Books, though, are not politics. The publisher's blurb about a novel, the flap copy and/or back copy, is designed to entice rather than alarm. Sometimes it must attract its desired audience without scaring off, or even alerting, those who might get it banned. And so was born dog-whistle flap-copy.
Because flap-copy is all about intriguing potential readers, dog-whistle flap-copy seems to be mostly about sex:
- Forbidden love (50s): lesbian sex. Featuring a cover illustration of two women (a well-lit, anguished-looking blonde, and a brunette with very red lips lingering seductively in the shadow). Sometimes the women were referred to as leading twilight lives.
- Forbidden love (60s and 70s): interracial sex. Paired with a picture of a Tara-like antebellum house.
- Forbidden love (lately): interspecies sex (paranormal: vampires and werewolves, etc.) or star-crossed lovers from different clans/cultures (the classic is Romeo and Juliet; lately, a woman from a strict religious culture meeting a man from another—usually but not always—that's more liberal.
- Unexplored pathways of love: anal sex between straight people.
- Dark desires: BDSM.
- Singular erotic taste: general kink.
Of course, all this refers to paper books.
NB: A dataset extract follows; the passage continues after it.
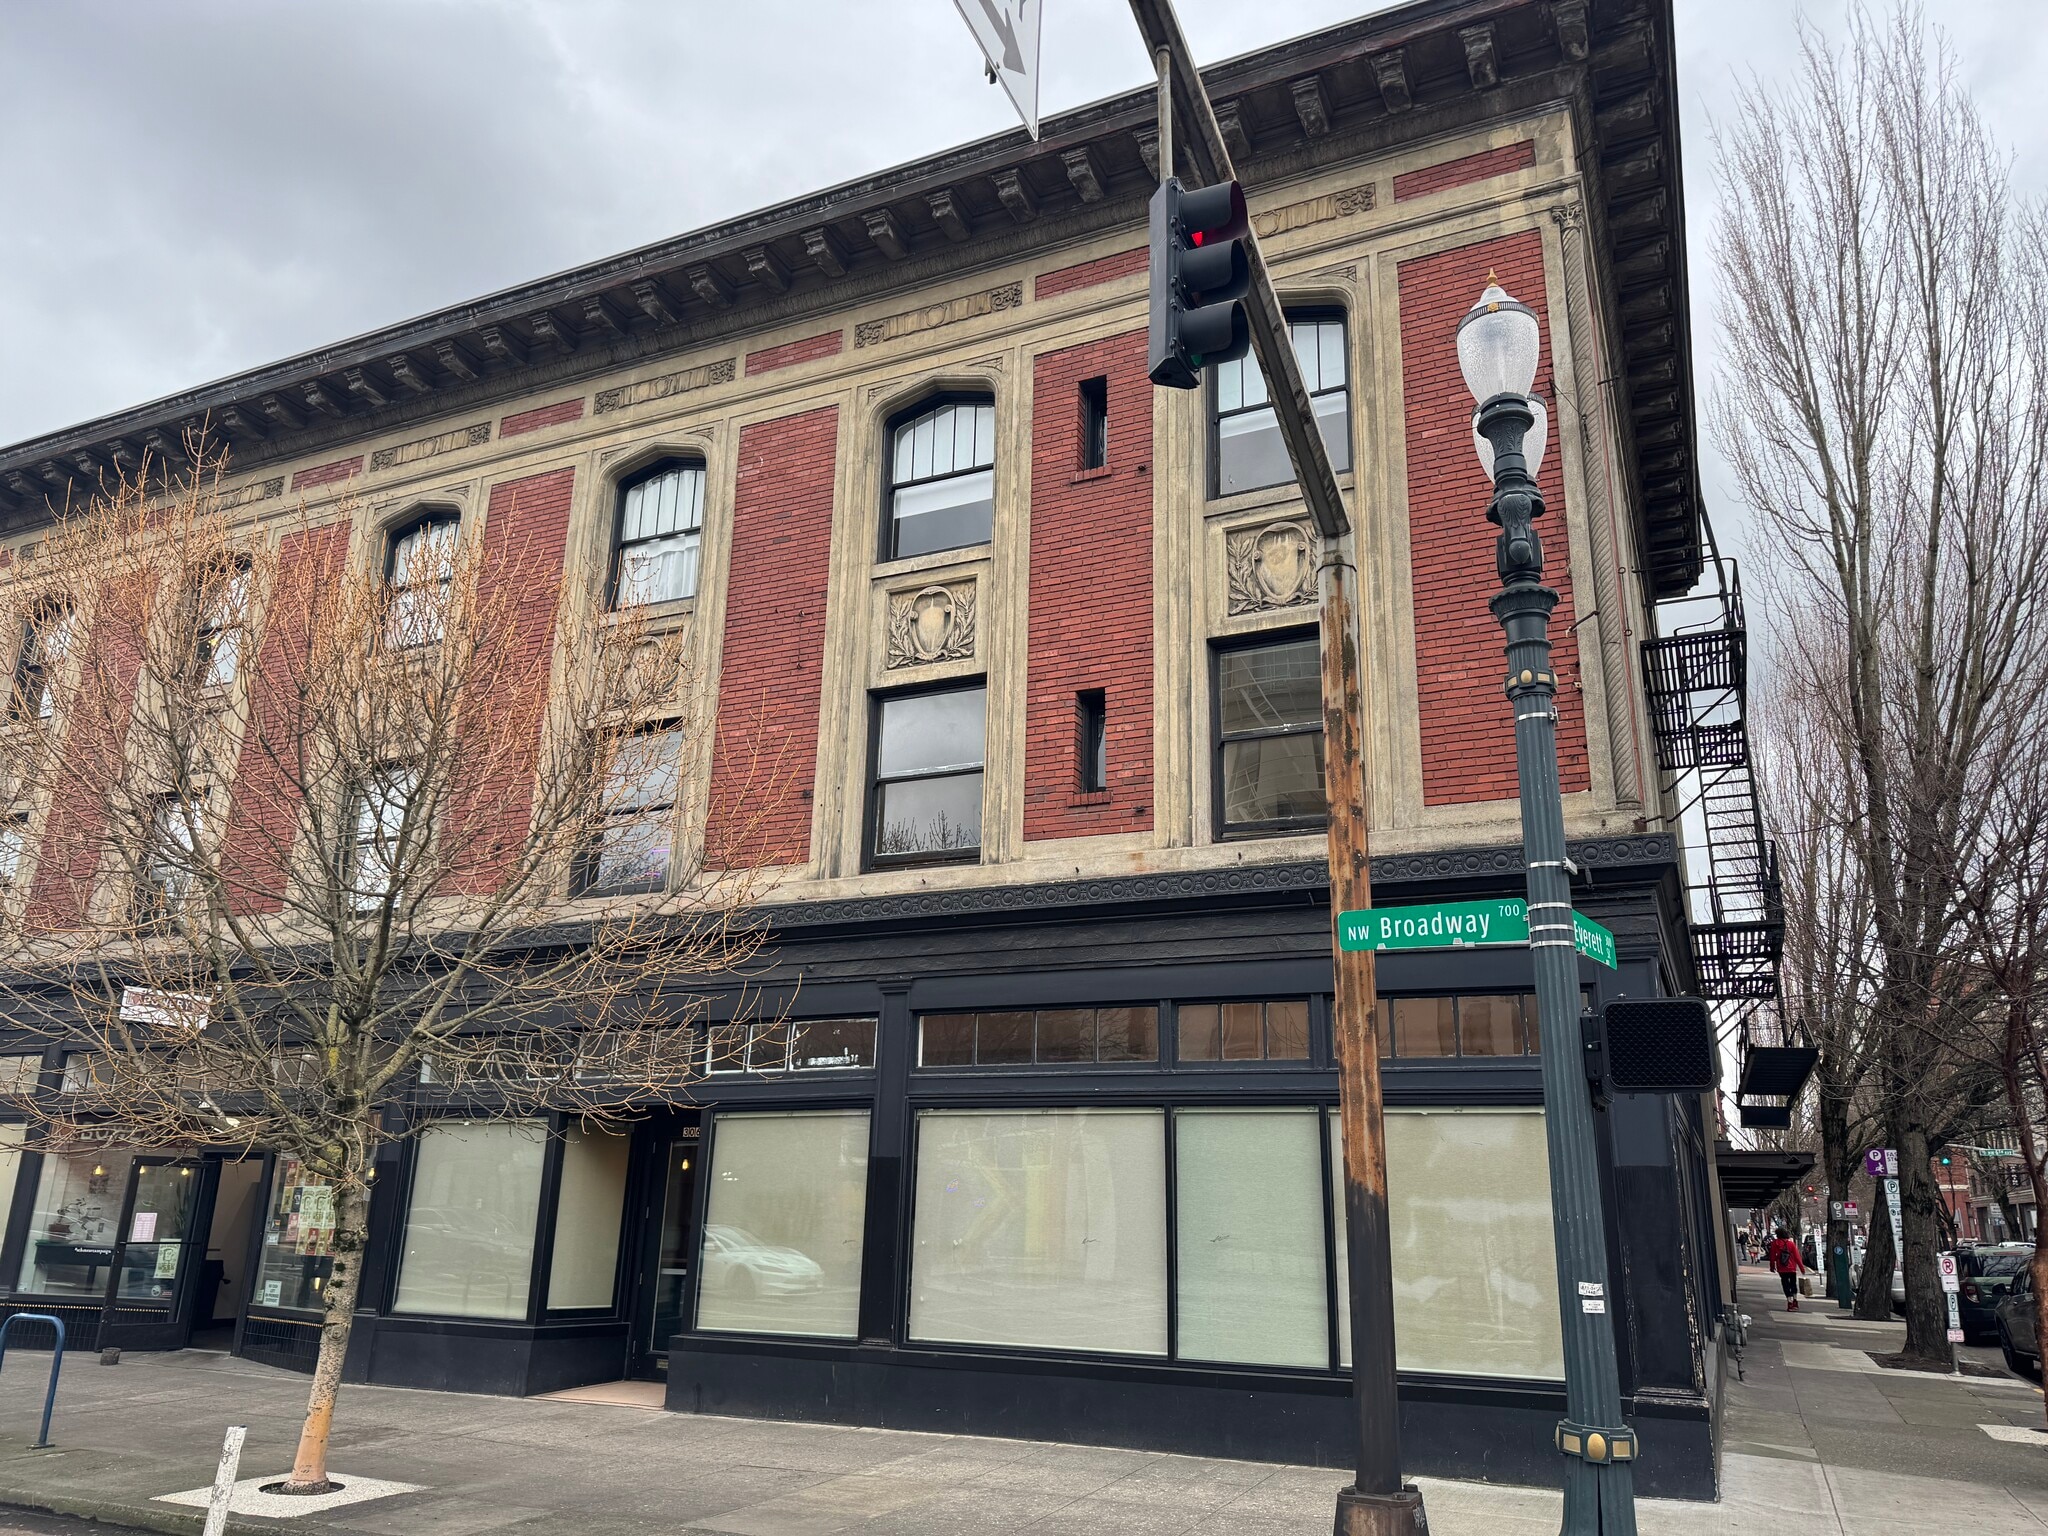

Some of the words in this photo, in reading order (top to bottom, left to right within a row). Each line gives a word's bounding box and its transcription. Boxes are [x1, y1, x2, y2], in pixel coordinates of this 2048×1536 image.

[1348, 925, 1370, 941] NW
[1380, 911, 1490, 939] Broadway
[1498, 904, 1520, 918] 700
[1573, 919, 1604, 956] Everett
I suspect ebooks can be much more straightforward because specialist presses have excellent niche marketing, so finely focused on their audience that few outside that audience know about it. Also, they don't see these books "flaunting" themselves on the shelves and so are not "provoked" by them.
But I'd love to hear others' thoughts on this.
* I suspect non-fiction, especially the crackpot variety, is rife with non-sexual dog-whistlery.